Charge two: That you being registered as a Medical Practitioner under the said Act, you carried out history and appropriate physical examination of the late Justice Z.M Chesoni and evaluated investigations that led to appropriate treatment.

Charge Three: That you being registered as a Medical Practitioner under the Act and having the care of the late Justice Chesoni, you made appropriate arrangements for cover by suitably qualified medical personnel during your absence and his care did not fall short of whatever he was professionally entitled to.”

Aggrieved by the decisions reached by the Medical Practitioners and Dentists Board, a relative of the late Justice Chesoni, Atsango Chesoni filed on 10th March, 2000 a memorandum of appeal, dated 9th March, 2000.  This memorandum, which led to the appeal which is the subject of this judgment, states as follows:-

(i) That, the Board erred in that it failed to find that the respondent, in whose care the late Justice Zaccheus Mutsunga Richard Chesoni was admitted at the Nairobi Hospital on 24th August, 1999 failed to make appropriate diagnosis in good and/or within a reasonable time thereby endangering his life;

(ii) That, the Board erred in that it failed to find that the respondent failed to carry out a complete history and physical examination of the late Chief Justice Chesoni and carefully evaluate investigation and treatment given to the late Justice Chesoni;

(iii) That, the Board erred in that it failed to find that the symptoms of Pneumococcal Meningitis were suppressed and/or masked due to treatment prescribed and/or given to the late Justice Chesoni;

(iv) That, the Board erred in that it failed to find that when the late Justice Chesoni was critically ill the respondent left him under the care of other medical personnel not suitably qualified, and as a result the treatment fell short of what he was professionally entitled to expect.
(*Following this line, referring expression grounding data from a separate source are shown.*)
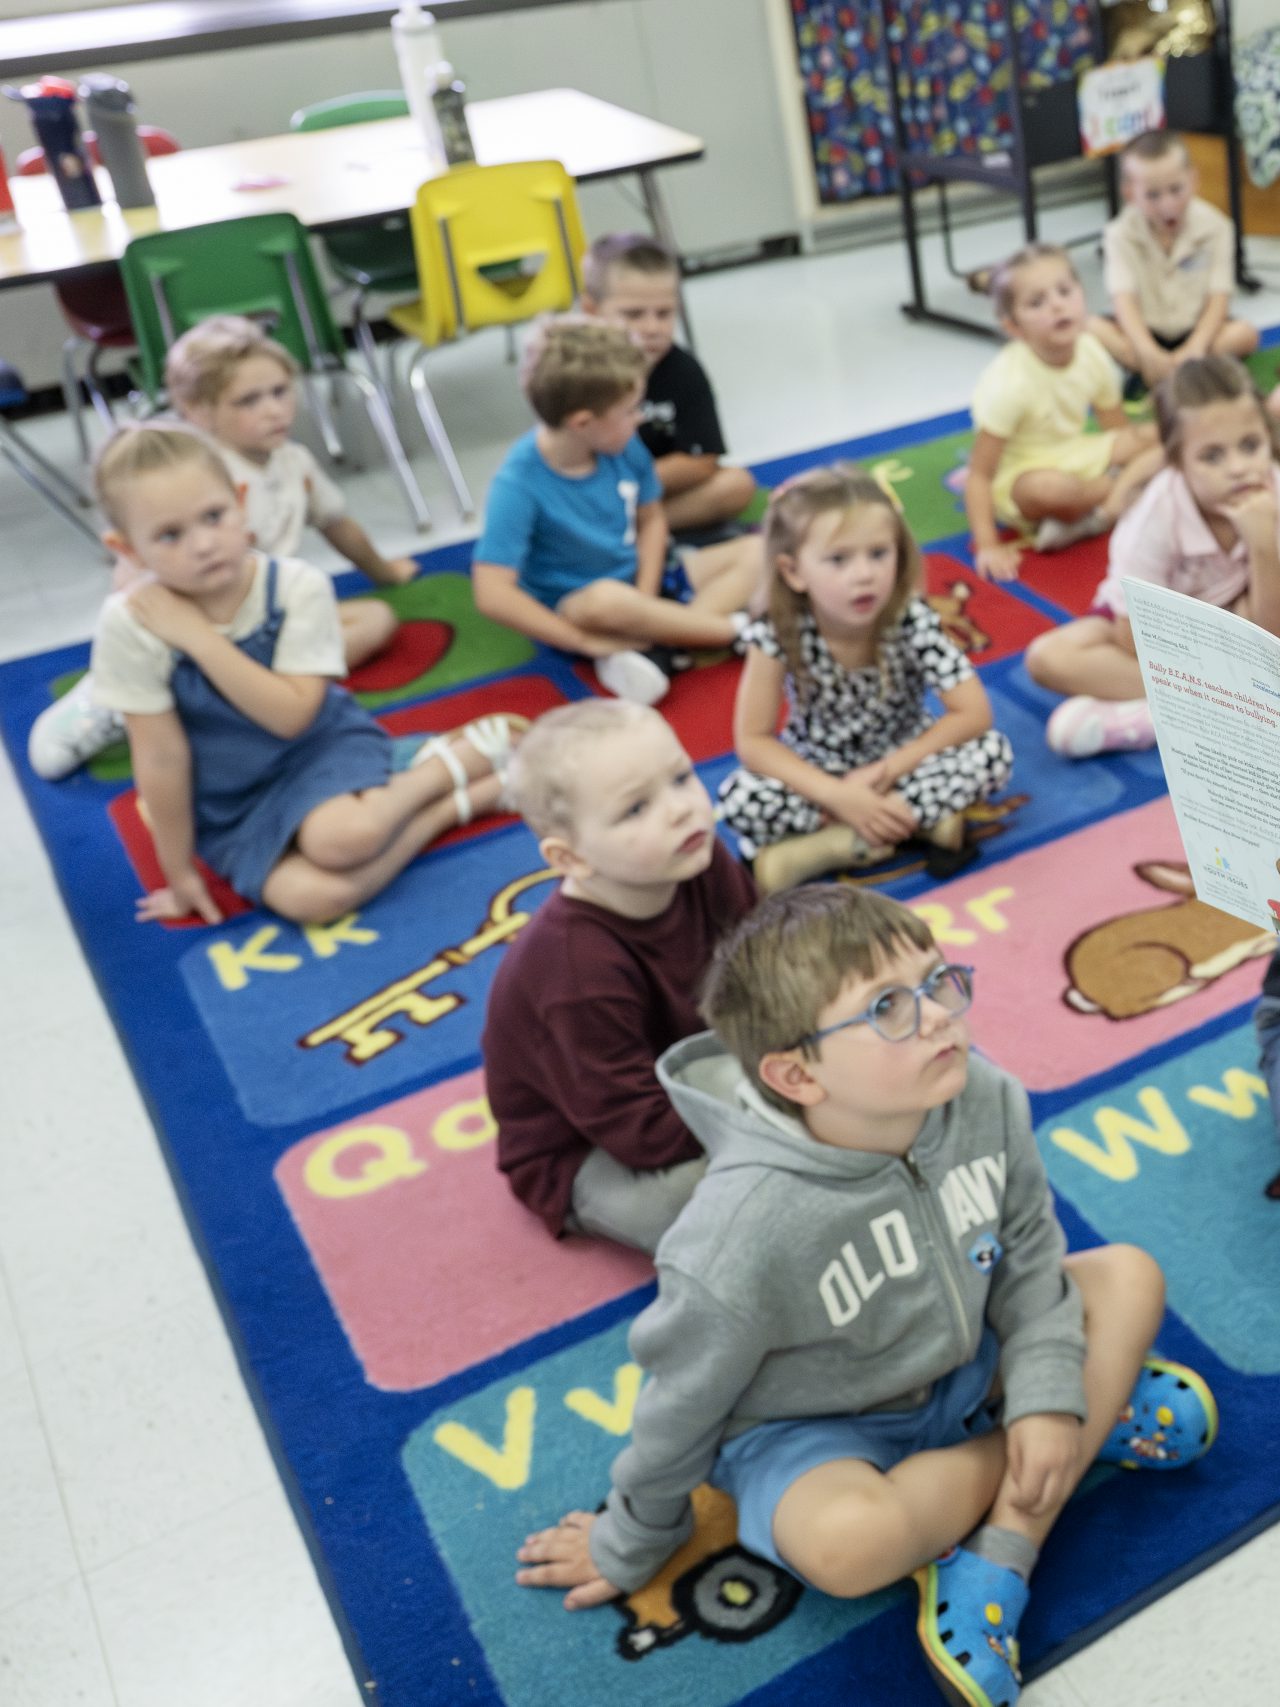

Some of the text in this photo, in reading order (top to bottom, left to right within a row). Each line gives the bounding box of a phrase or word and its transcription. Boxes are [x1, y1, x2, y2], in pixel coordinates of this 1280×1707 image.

[1149, 660, 1166, 675] Bully
[1168, 667, 1203, 687] B.E.A.N.S.
[1204, 681, 1231, 698] teaches
[1233, 692, 1265, 711] children
[1266, 704, 1280, 717] how
[1151, 675, 1278, 728] speak up when it comes to bullying.
[819, 1208, 919, 1327] OLD
The appellant prayed that the decision of the Board be set aside; that the Board’s decision be varied by substituting therefor the finding that the respondent was guilty of infamous and/or disgraceful conduct in a professional respect; and that consequential orders be made against the respondent.
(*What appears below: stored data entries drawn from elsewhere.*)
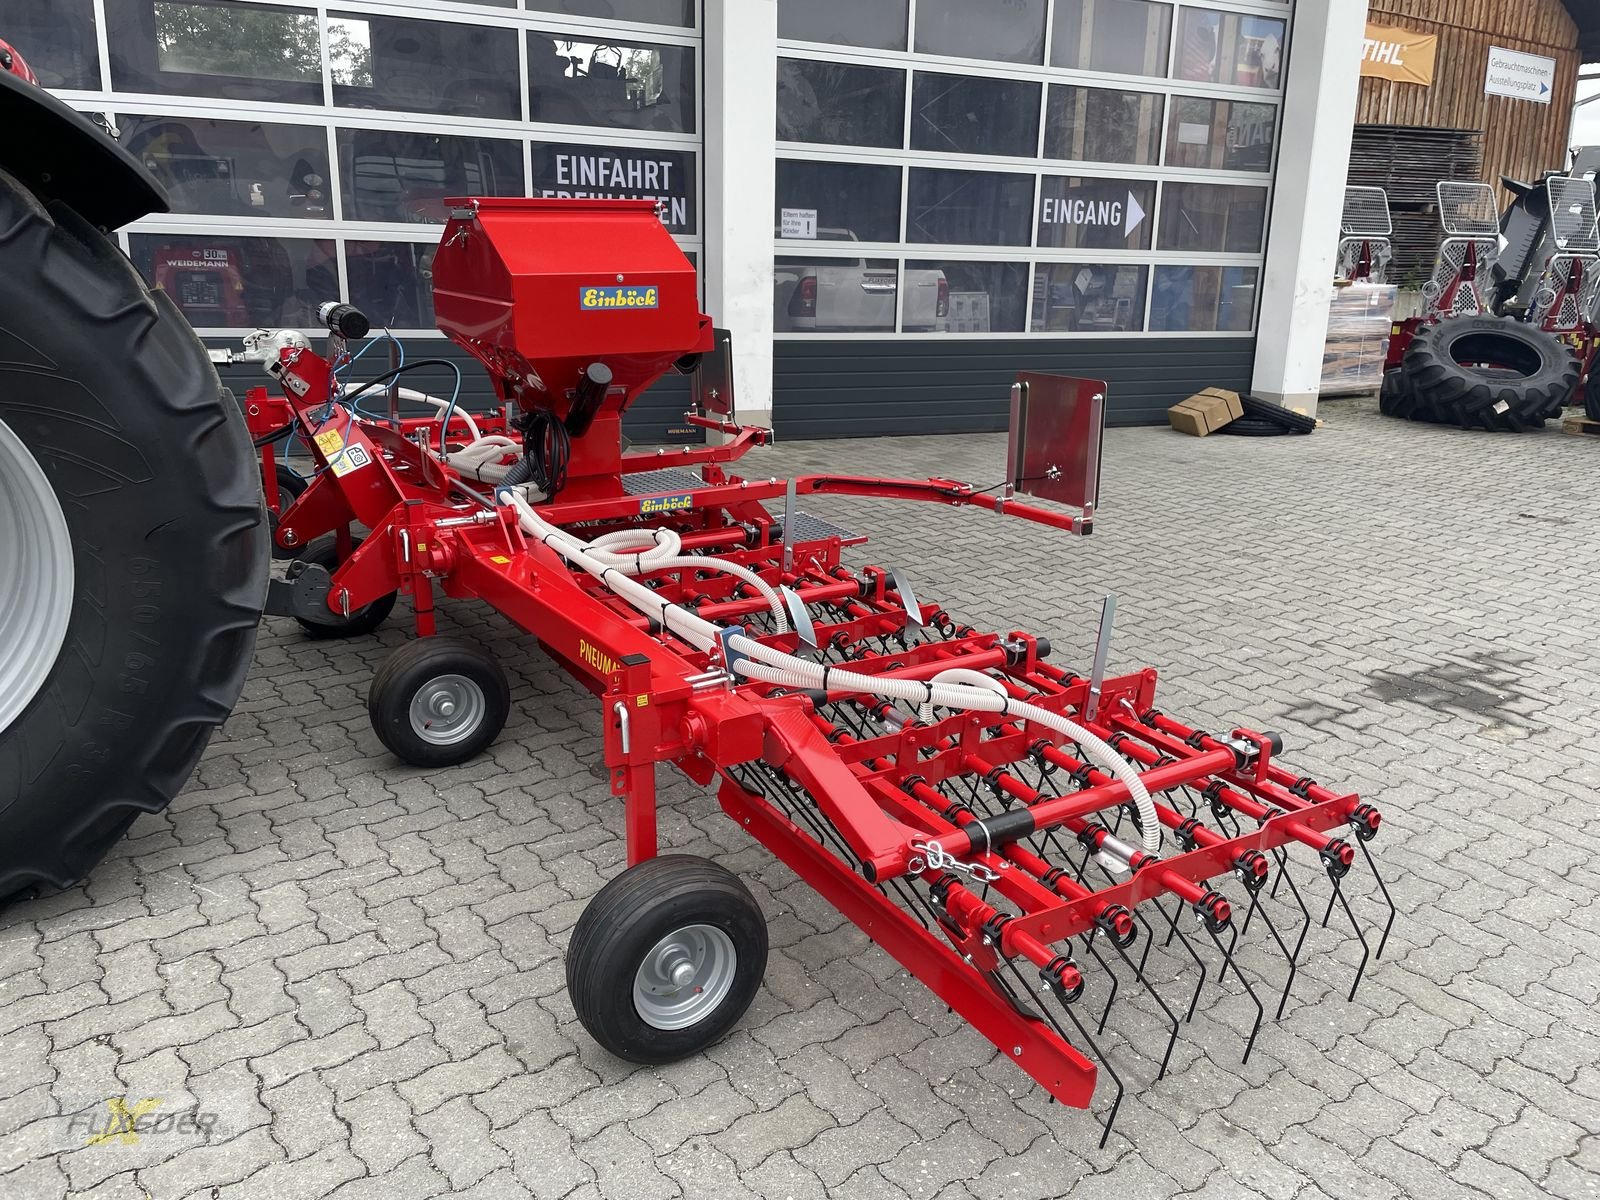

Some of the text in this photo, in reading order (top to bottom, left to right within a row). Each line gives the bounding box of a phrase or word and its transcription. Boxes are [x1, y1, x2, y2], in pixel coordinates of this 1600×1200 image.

[1360, 39, 1404, 66] TIHL
[1490, 57, 1548, 77] Gebrauchtmaschinen
[1489, 74, 1537, 91] Ausstellungsplatz
[556, 154, 673, 191] EINFAHRT
[1042, 198, 1121, 226] EINGANG
[166, 259, 229, 268] WEIDEMANN
[205, 251, 217, 259] 30
[583, 288, 656, 307] Einböck
[641, 495, 691, 512] Einböck
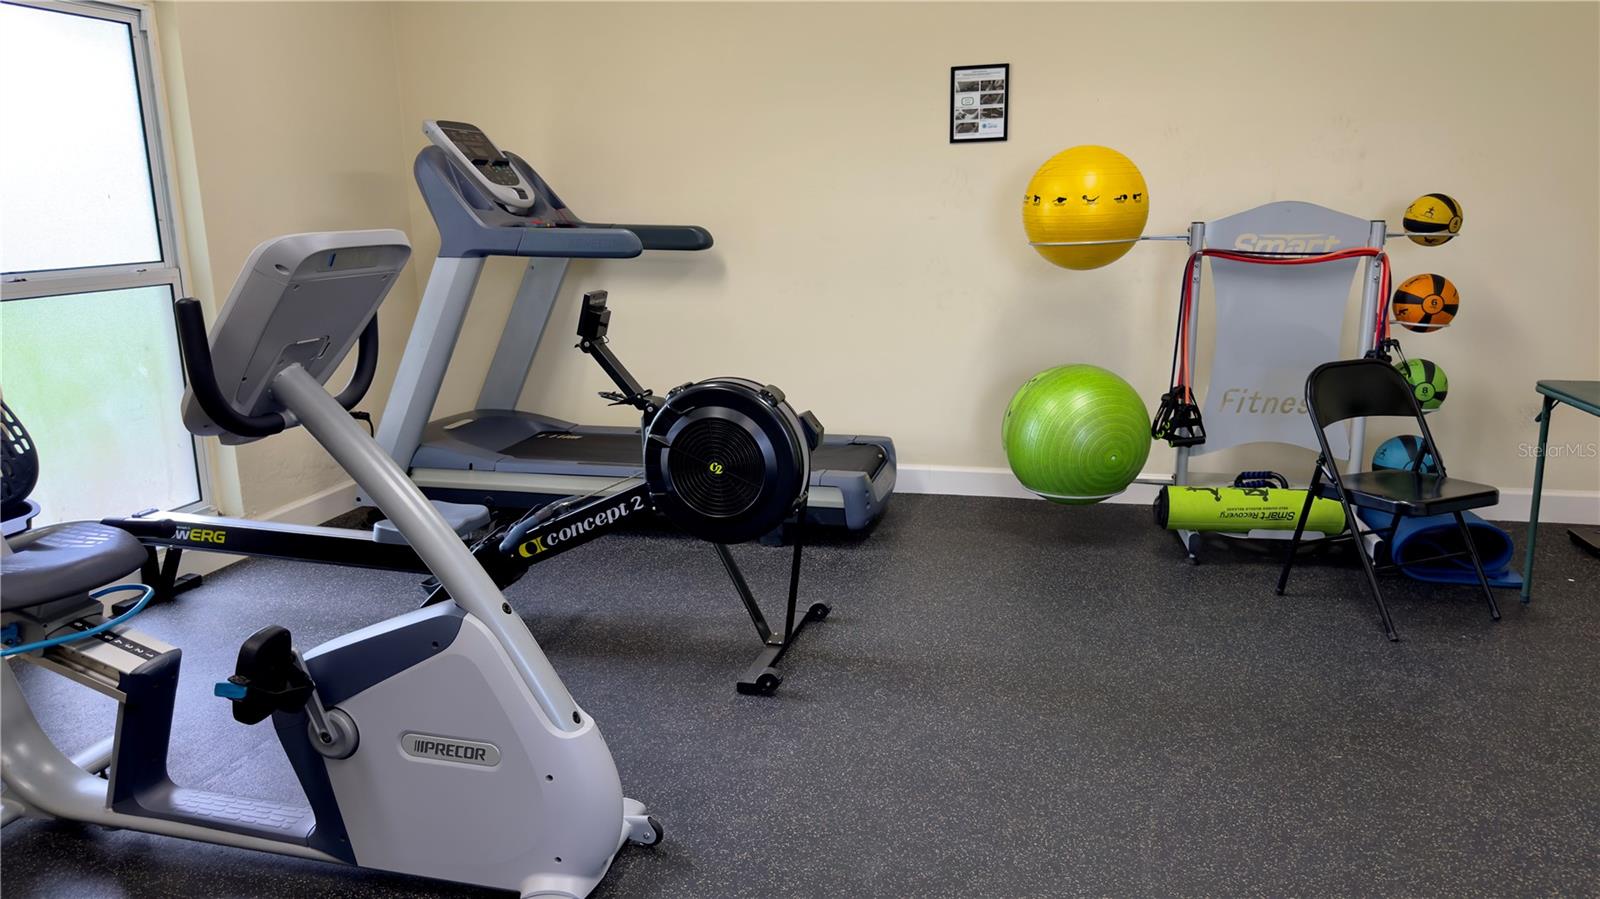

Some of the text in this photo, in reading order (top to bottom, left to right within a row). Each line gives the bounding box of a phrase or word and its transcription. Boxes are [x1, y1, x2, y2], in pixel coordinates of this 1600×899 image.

C.  SUBMISSIONS MADE ON APPEAL

This appeal was heard before us on 31st January, 2005; 1st February, 2005; 2nd February, 2005; and 3rd February, 2005.  On these occasions the appellant was represented by learned counsel, Mr. Adere assisted by Ms Lavuna; while the respondent was represented by Mr. Georgiadis, assisted by Mr. Gachui.

1.  The Appellant’s Case

Learned counsel, Mr. Adere founded his submissions on negligence, and observed that the proceedings were of a quasi-criminal nature. Counsel submitted that the death of Justice Chesoni had come about partly due to disgraceful and infamous conduct on the part of Dr. Silverstein.“Infamous or disgraceful conduct in a professional respect” is defined in paragraph 2 of the Medical Practitioners and Dentists (Disciplinary Proceedings) (Procedure) Rules, Legal Notice No. 157 of 1979, made under the Medical Practitioners and Dentists Act (Cap. 253). It means –

“serious misconduct judged according to the rules, written or unwritten, which govern the medical and dental professions”.

We took note that learned counsel was constrained to rely, to sustain his submission, not so much on the record of proceedings of the Board at its meetings of 4th, 7th and 11th February 2000 as on the minutes of a preliminary inquiry committee which held its meeting in September and October, 1999.  Present at the said preliminary inquiry committee which had prepared its minutes some four months prior to the Board’s tribunal meeting were five doctors.  The earlier meeting had also been attended by a legal advisor, as well as an advocate of the Board.

Mr. Aderesubmitted that the preliminary inquiry committee would have had prima facie evidence against Dr. Silverstein, as otherwise a full tribunal inquiry before the Board would not have been warranted.  This is the basic reasoning, we believe, which led to so much importance being attached by counsel to the preliminary inquiry, instead of him starting off from the proceedings before the sixteen-member Board.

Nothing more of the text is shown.